=== AVAILABLE DATA ===

····················

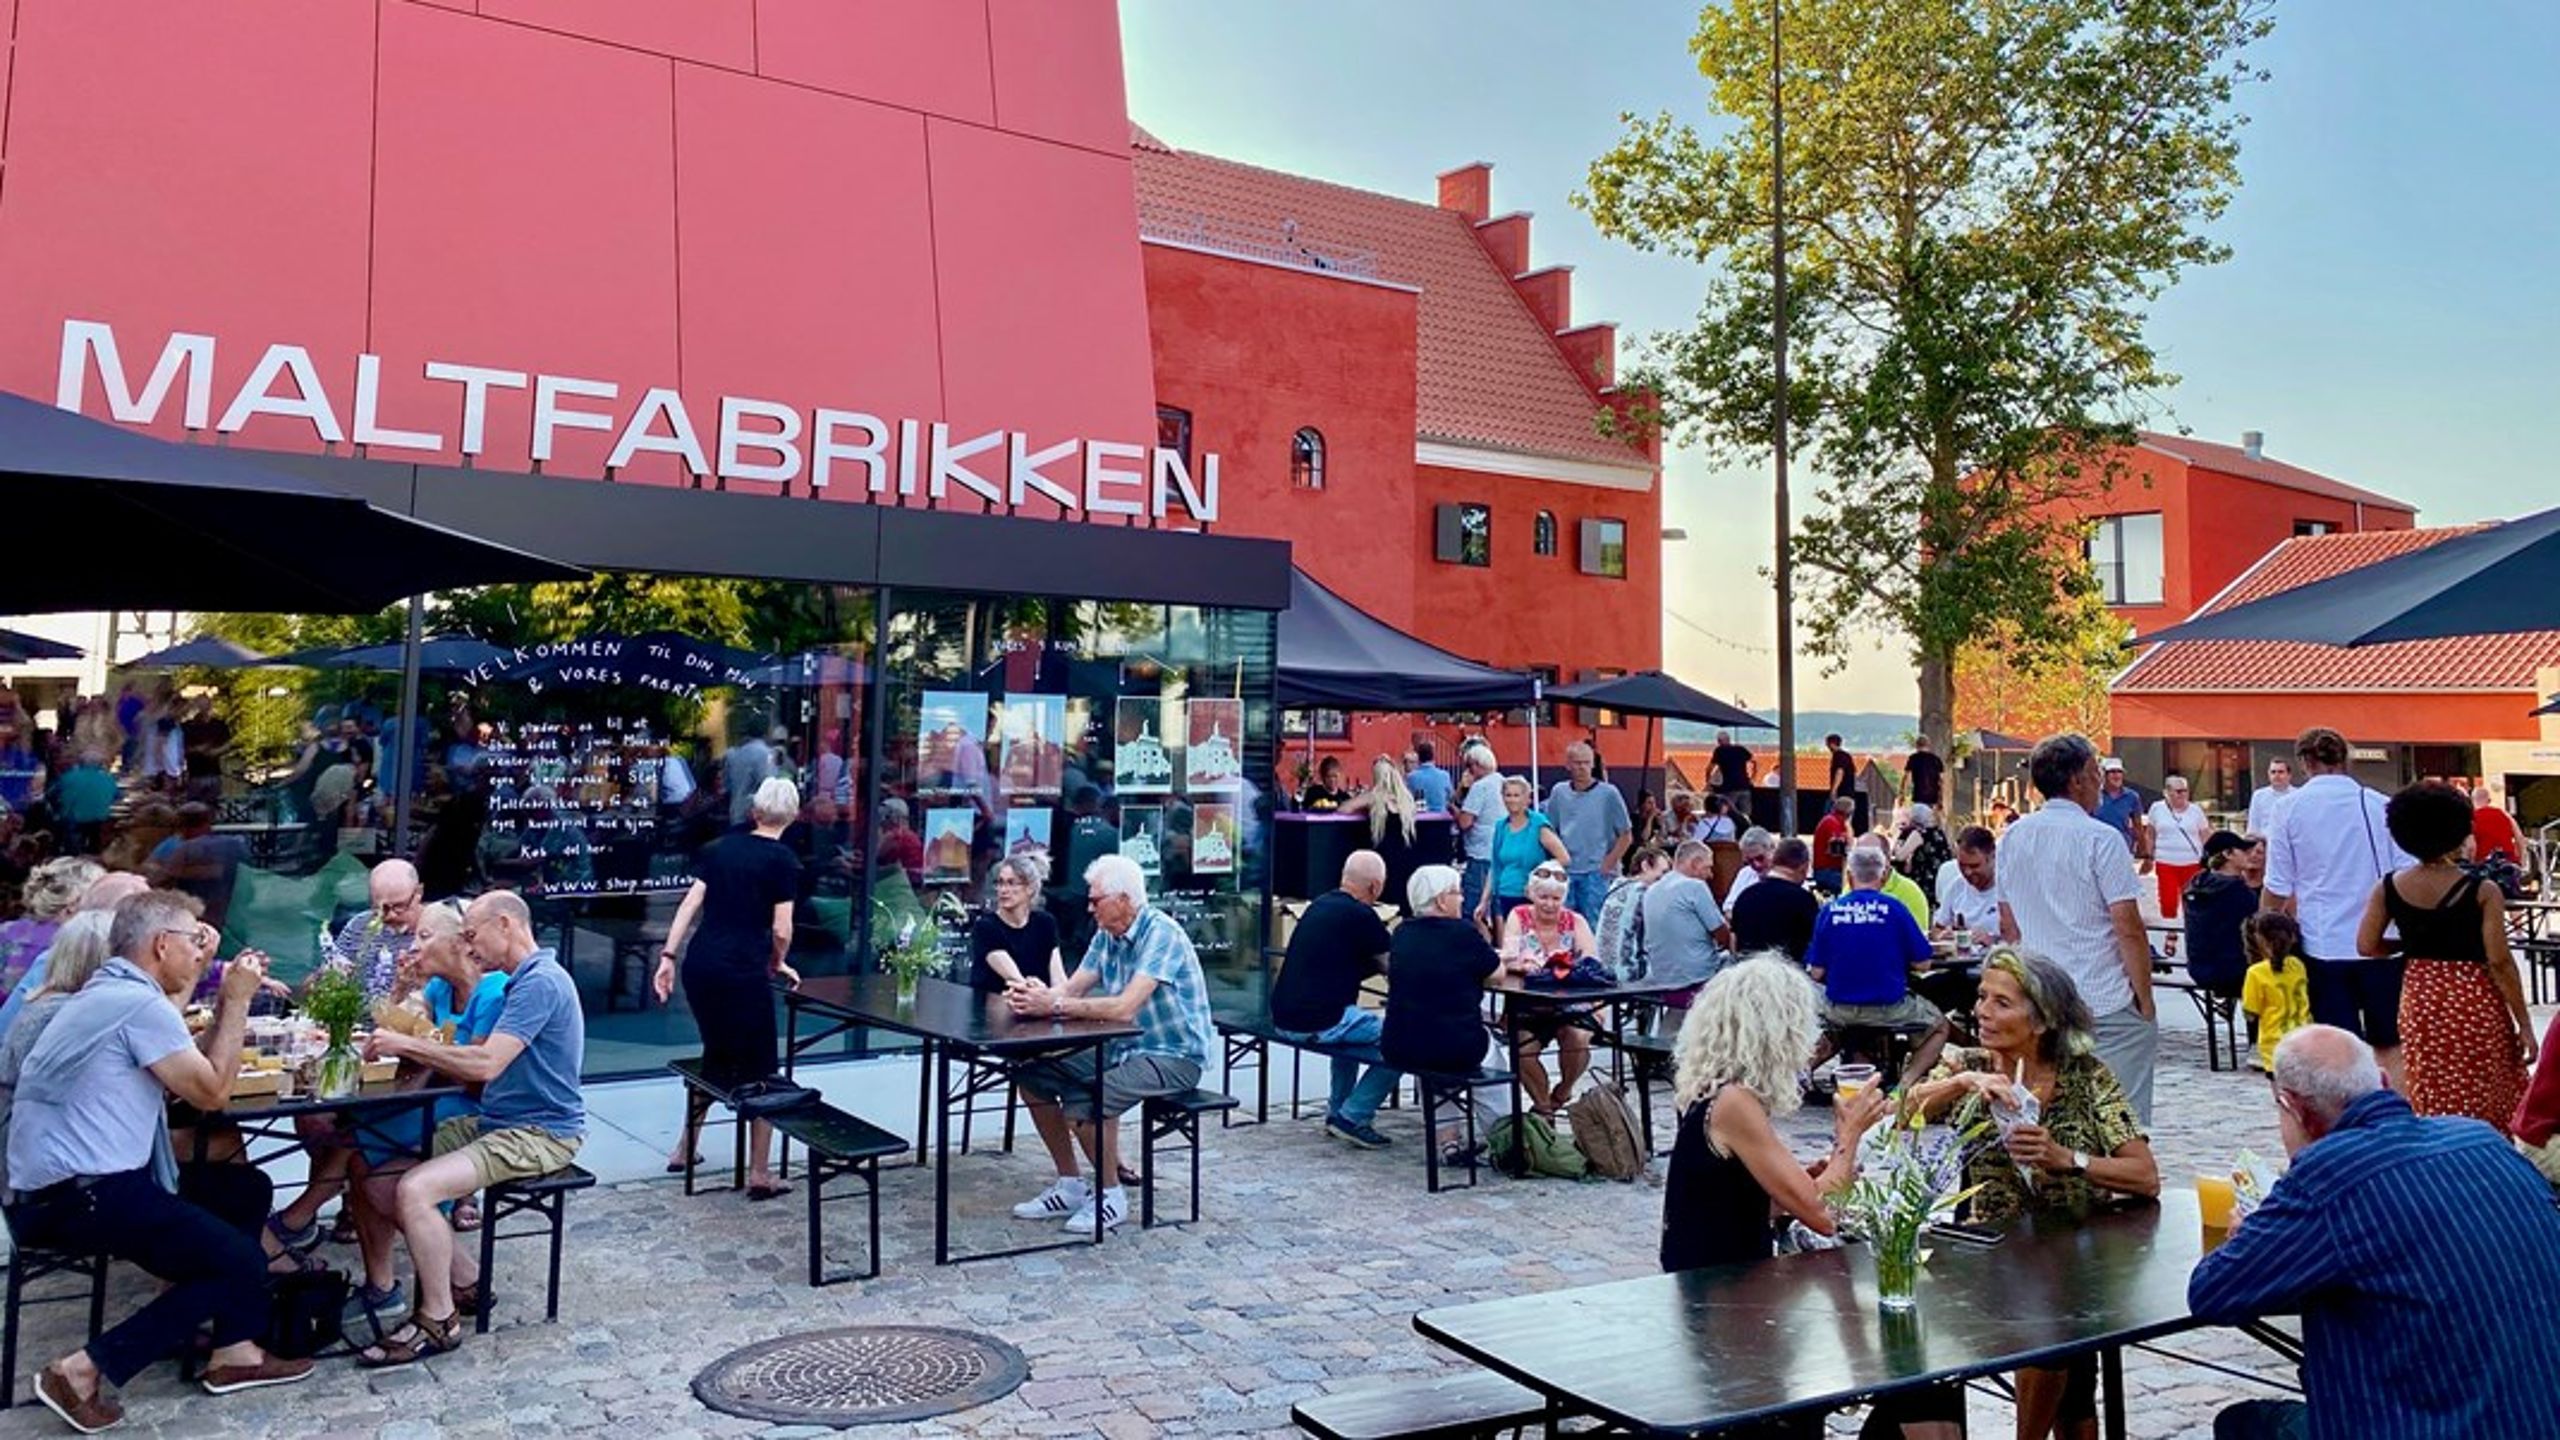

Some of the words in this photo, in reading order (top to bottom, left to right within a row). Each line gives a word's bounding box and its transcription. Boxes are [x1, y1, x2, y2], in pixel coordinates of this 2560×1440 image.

[56, 319, 1219, 523] MALTFABRIKKEN
[463, 641, 622, 688] VELKOMMEN
[527, 676, 545, 695] &
[559, 666, 622, 685] VORES
[638, 673, 705, 706] FABRIK
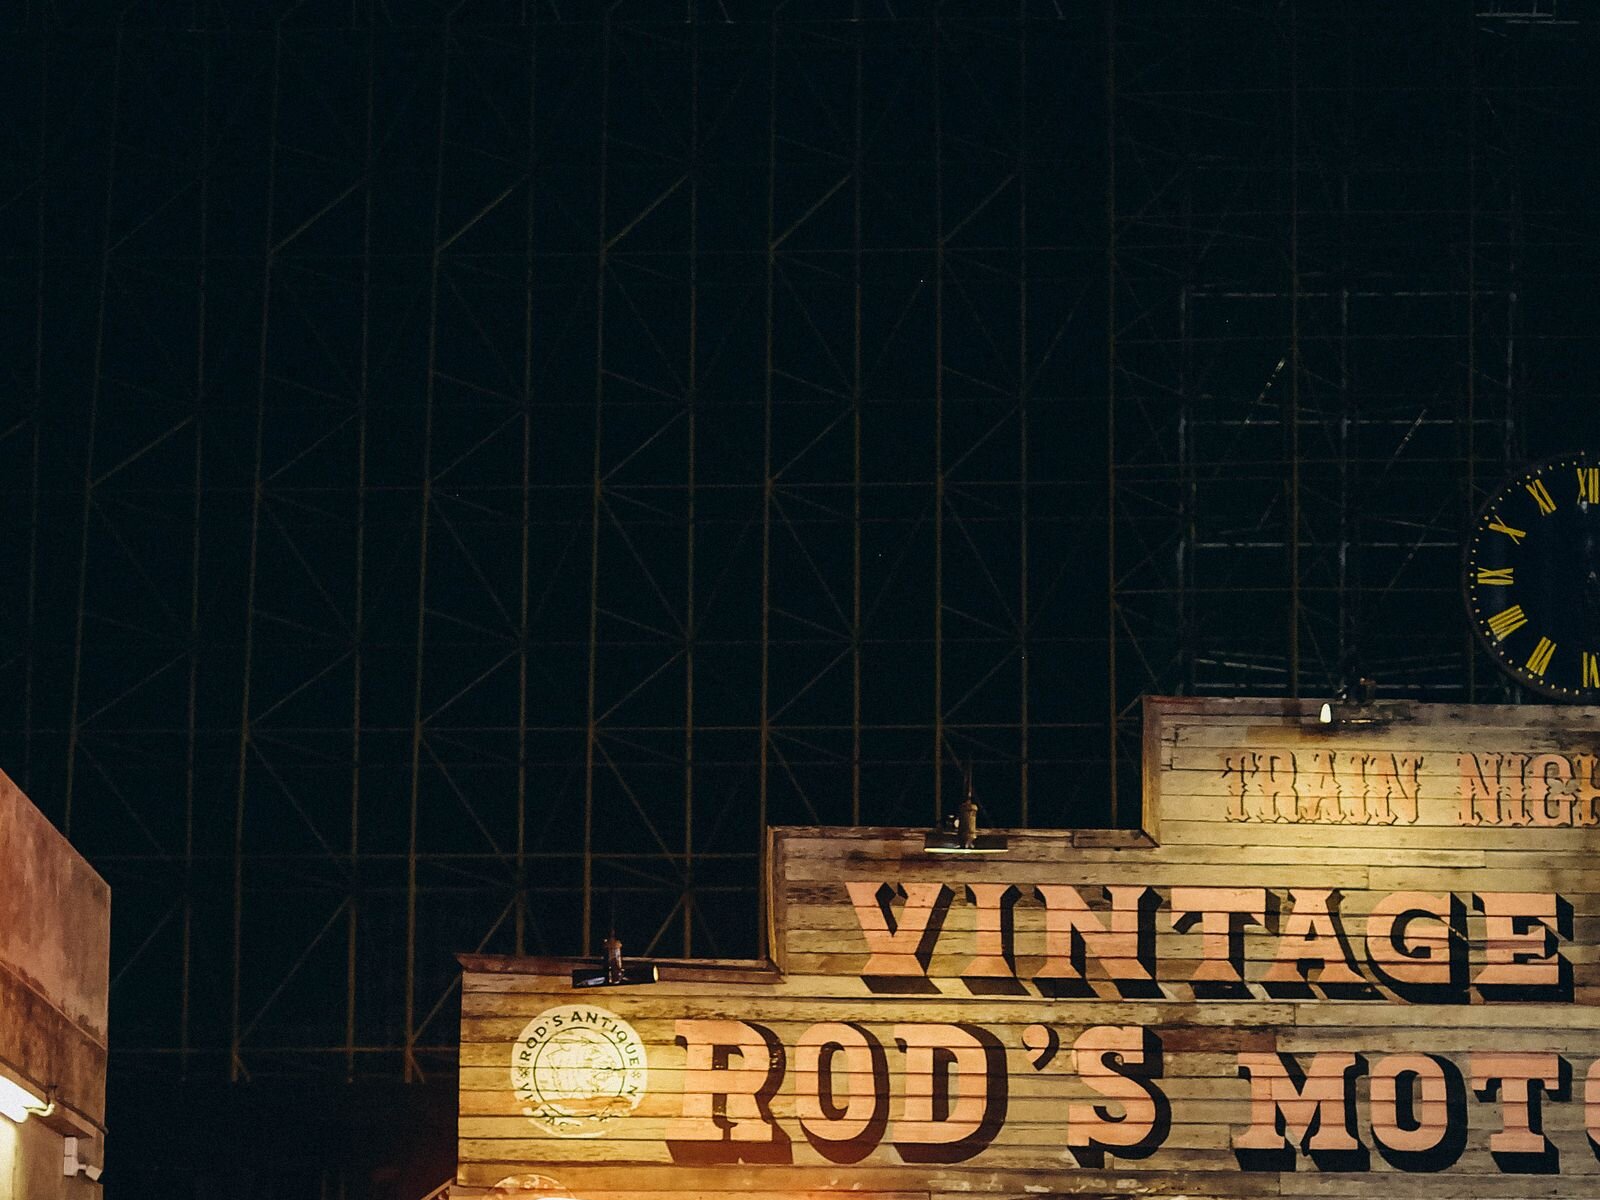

····················

=== EXERCISE DESCRIPTION ===
Repeat the listing above exactly, with no pictures.

=== TASK ANSWER ===
Some of the words in this photo, in reading order (top to bottom, left to right within a row). Each line gives a word's bounding box and its transcription. Boxes are [x1, y1, x2, y2], in pixel coordinates of this 2560×1440 image.

[56, 319, 1219, 523] MALTFABRIKKEN
[463, 641, 622, 688] VELKOMMEN
[527, 676, 545, 695] &
[559, 666, 622, 685] VORES
[638, 673, 705, 706] FABRIK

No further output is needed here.